The Kiss
- Author: Kathryn Harrison
- Language: English
- Genre: Memoir
- Published: 1997
- Publication place: USA

= The Kiss (memoir) =

1997 memoir by Kathryn Harrison

The Kiss is a memoir by American author Kathryn Harrison. First published in 1997, the memoir details her relationship with her estranged father, which culminated in a sexual affair when they finally met again when she was an adult.

Harrison made efforts to disguise her father's identity but nevertheless faced criticism for publishing the book while her father was alive.

==Summary==
Harrison is a product of the short marriage between her parents, who met when they were both seventeen. Quickly marrying and having a child, they divorced due to pressure from Harrison's maternal grandparents, who convinced her mother to leave her father as he was incapable of financially supporting her and the child. They convinced Harrison's father to limit contact with both mother and child as they promised they would not come after him for child support.

Harrison's mother is extremely distant with her and moves out of her family home, abandoning Harrison to be raised by her maternal grandparents when she is 5. Harrison sees her father twice during her childhood, once when she is 5 and a second time when she is 10. Despite the fact that her father remarries and has children with his new wife and her mother has relationships with other men, Harrison suspects they continue to have an infrequent sexual affair during this time.

When Harrison is 20, she meets her father for the first time as an adult. The two are immediately attracted to one another and cannot stop staring at one another. When she drops her father off at the airport, he gives her a kiss on the mouth which quickly turns sexual. After the kiss, Harrison is disturbed and drops out of school. She tells herself that the kiss was chaste in nature. She and her father begin obsessively calling each other, planning to meet again.

Harrison's father becomes increasingly controlling of her and demands that they have sex as a means of expressing their love for one another. While Harrison repeatedly resists, she eventually acquiesces although she begins to black out as a means of coping with the sex. Harrison's mother and grandparents suspect that she is having sex with her father but she denies it.

Eventually, as Harrison has no job and no means of supporting herself, she goes to live with her father, his wife and their children. Her father continues having sex with her during this time and Harrison begins self-harming and contemplates suicide.

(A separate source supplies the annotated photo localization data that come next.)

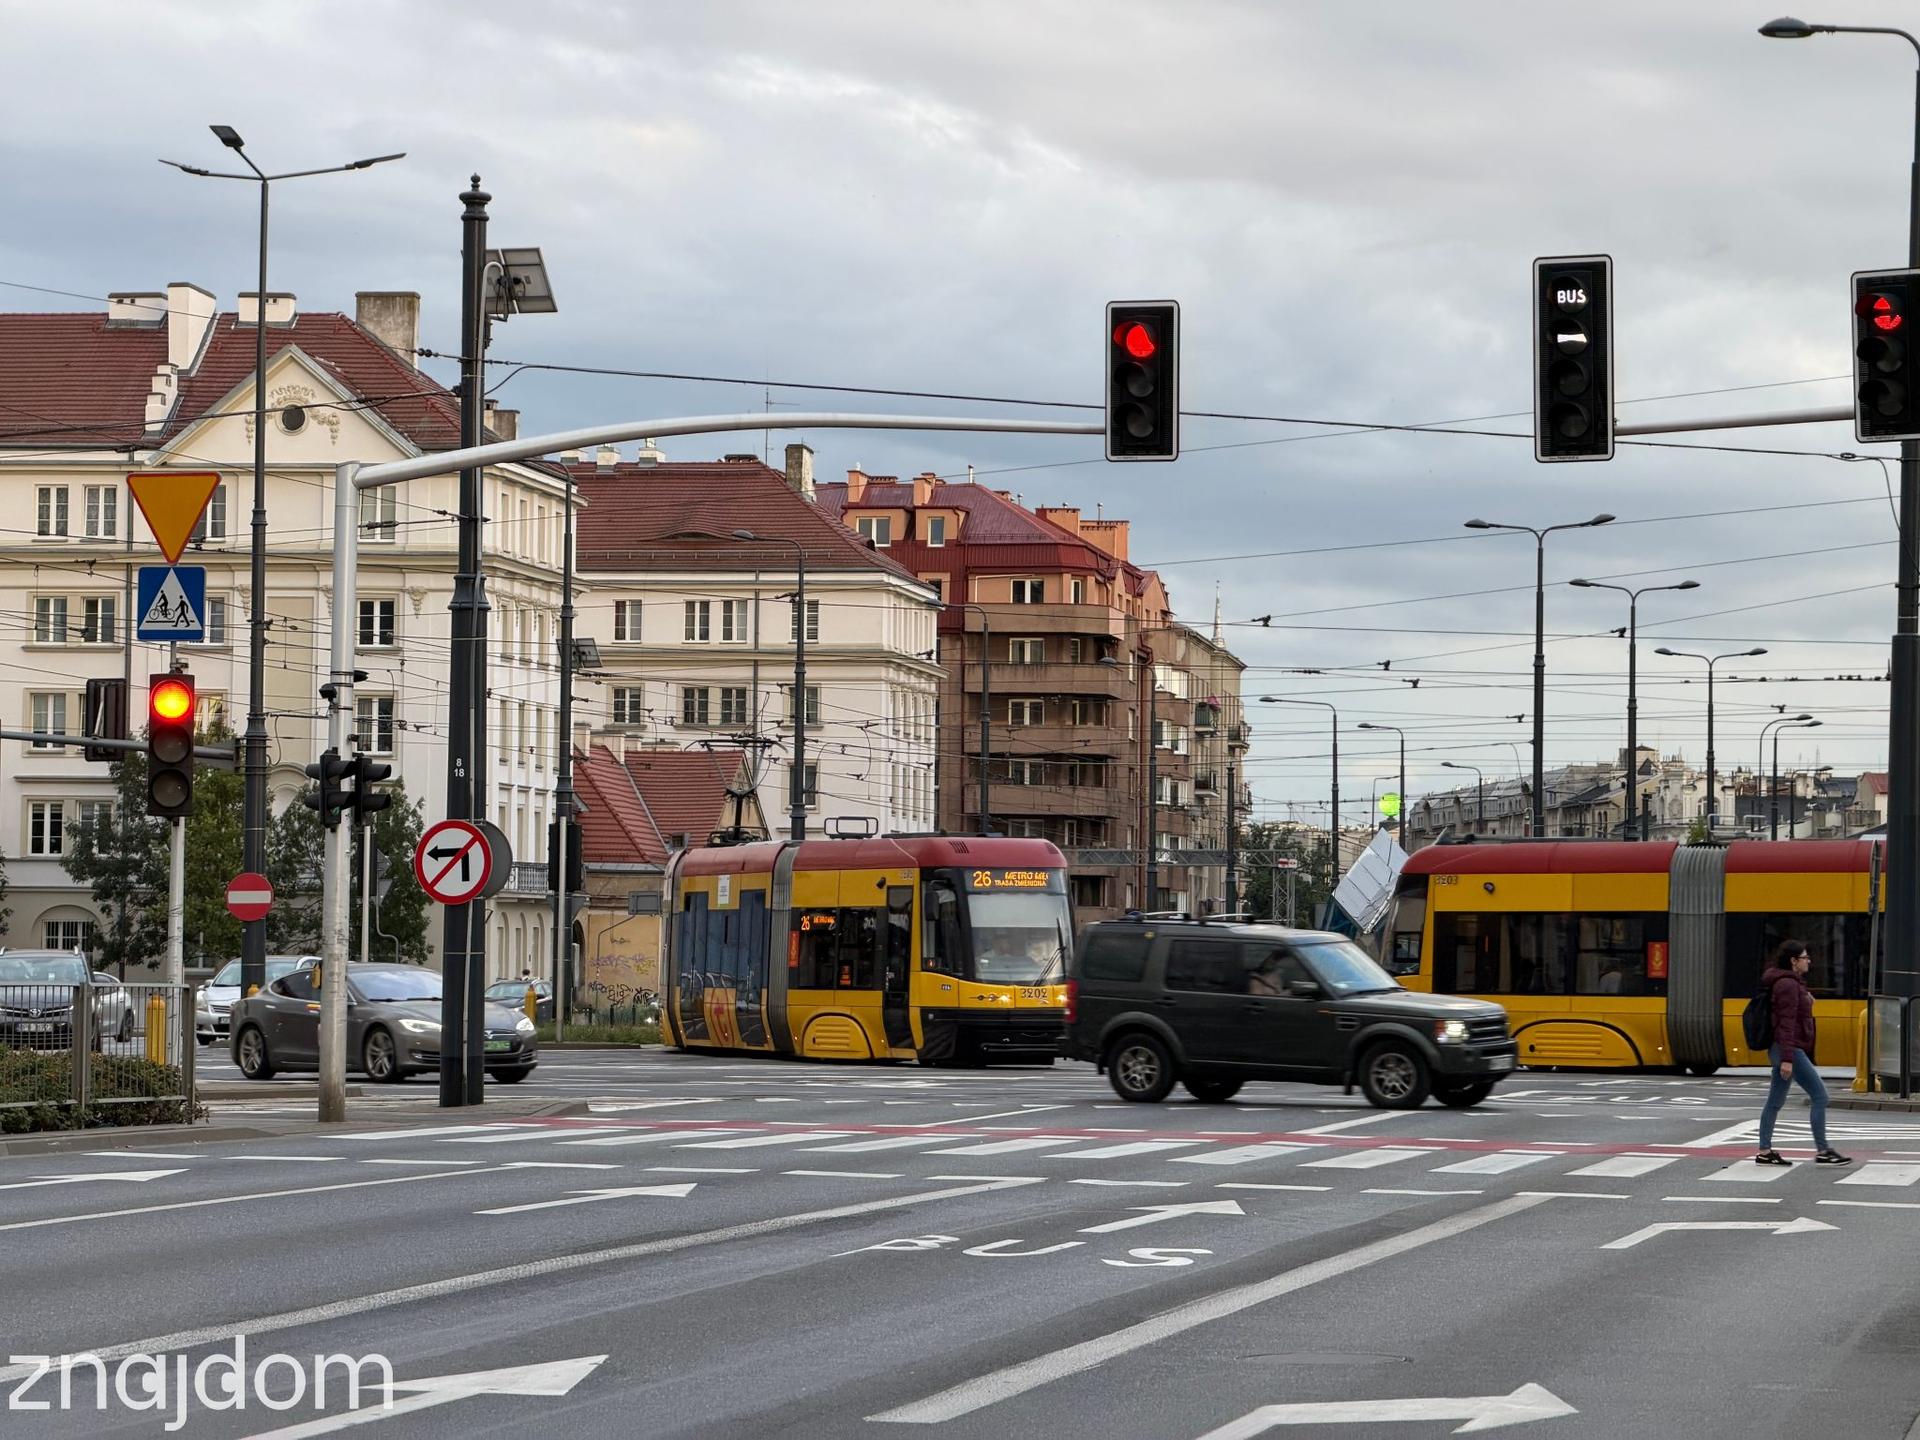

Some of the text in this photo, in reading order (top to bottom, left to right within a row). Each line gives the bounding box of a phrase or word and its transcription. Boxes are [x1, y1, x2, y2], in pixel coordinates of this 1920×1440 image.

[1557, 289, 1587, 304] BUS
[456, 757, 462, 767] 8
[454, 768, 465, 777] 18
[973, 870, 992, 887] 26
[1005, 871, 1033, 880] METRO
[1020, 987, 1048, 999] 3202
[829, 1234, 1214, 1267] BUS

Harrison's maternal grandfather and mother both become sick at the same time. When her grandfather dies, Harrison goes to the hospital morgue to see his corpse. She gives him a final kiss on the cheek which she credits with helping to break her father's control over her. Her mother also dies of breast cancer and Harrison cuts off her long hair and gives it to her mother as a gesture of goodwill. Harrison finally leaves for graduate school. Before she goes she asks her father if they can try being a normal father and daughter and he refuses. She cuts off all contact with him.

In 1995, Harrison has a dream that her mother visits her and they are finally able to make peace with one another.

==Reception==
The memoir received mixed reviews. The New York Times considered it "a powerful piece of writing, a testament to evil and hope."

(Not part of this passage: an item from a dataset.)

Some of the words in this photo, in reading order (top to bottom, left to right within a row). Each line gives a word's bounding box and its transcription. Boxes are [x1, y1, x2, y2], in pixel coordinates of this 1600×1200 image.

The events in The Kiss are reflected in the plots and themes of her first three novels, published before The Kiss. In The New York Times Book Review, Susan Cheever wrote, "The story of an intellectually powerful man and his consuming desire to ravish an innocent, almost preconscious, young woman (sometimes his daughter) has often been told—Zeus, Lewis Carroll and Humbert Humbert come to mind—but Kathryn Harrison turns up the volume, making this ancient immorality tale a struggle between good and evil, between life and death, between God and the Devil." In The New York Times critic Christopher Lehmann-Haupt called the memoir "appalling but beautifully written."

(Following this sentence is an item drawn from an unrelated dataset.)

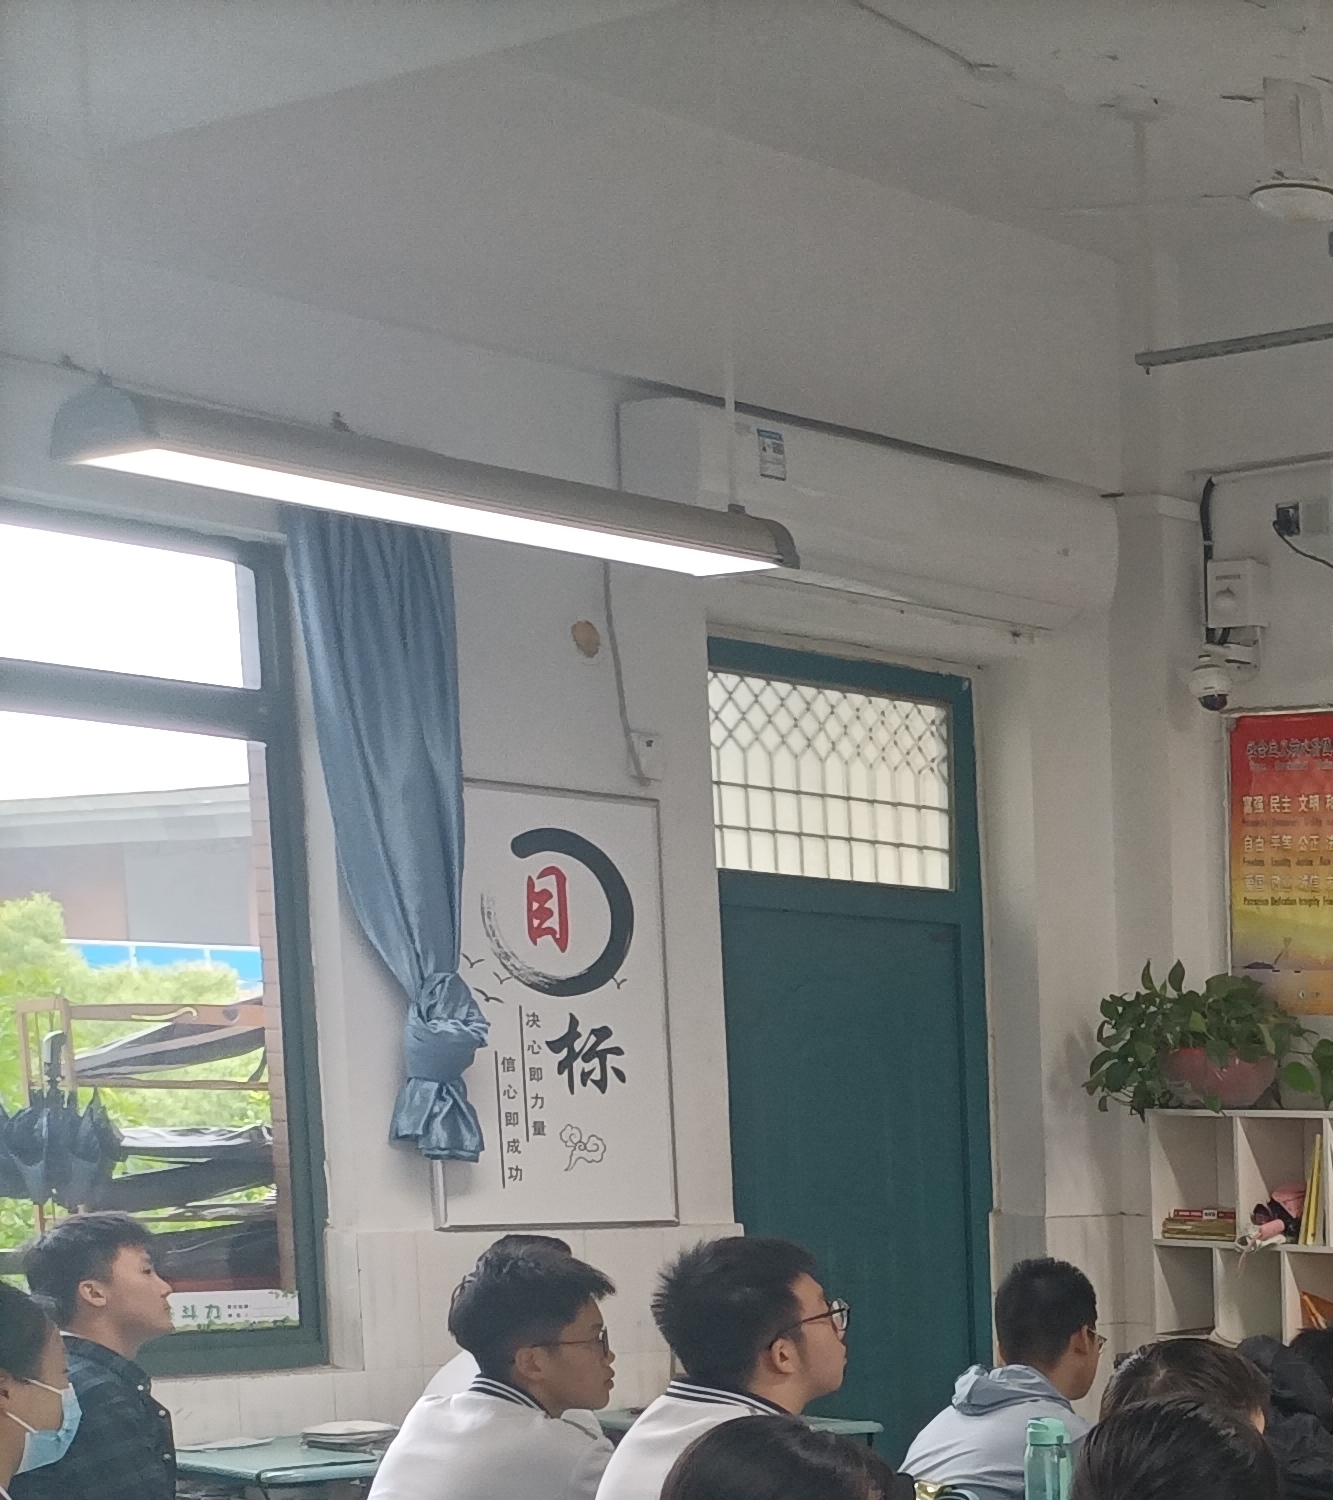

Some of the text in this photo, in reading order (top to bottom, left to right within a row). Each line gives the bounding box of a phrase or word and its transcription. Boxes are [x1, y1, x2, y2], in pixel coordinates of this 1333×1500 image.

[1269, 795, 1292, 814] 民主
[500, 1056, 523, 1182] 信心即成功
[525, 1011, 547, 1137] 决心即力量

In The New Republic, by contrast, James Wolcott strongly criticized the work. He called it "the oddest piece of kitsch" with "airbrushed" sentences that "leave wistful little vapor trails of Valium." He pointed out that at the time of the affair, Harrison was not an innocent child victim but rather a consenting adult. He asked, "Did she call him 'Dad' in bed?" Wolcott dismissed much of the book's prose as "bad Sylvia Plath." Writing in The Washington Post, Jonathan Yardley called The Kiss "slimy, repellent, meretricious, cynical." Stephanie Zacherek of Salon called it "colorless," "arid," "boring" and "numbing." In The New York Times, Maureen Dowd wrote that the book constituted an example of "creepy people talking about creepy people." In Slate, Alex Beam called the book "a memoir of French-licking her father." After Michael Shnayerson published a critical account of the book in Vanity Fair, The New Yorker canceled an excerpt that it had scheduled.

In The Art of Memoir, Mary Karr dedicated a chapter, "The Public and Private Burning of Kathryn Harrison" to discussing The Kiss controversy. She suggests that the outrage was motivated by Harrison's gender.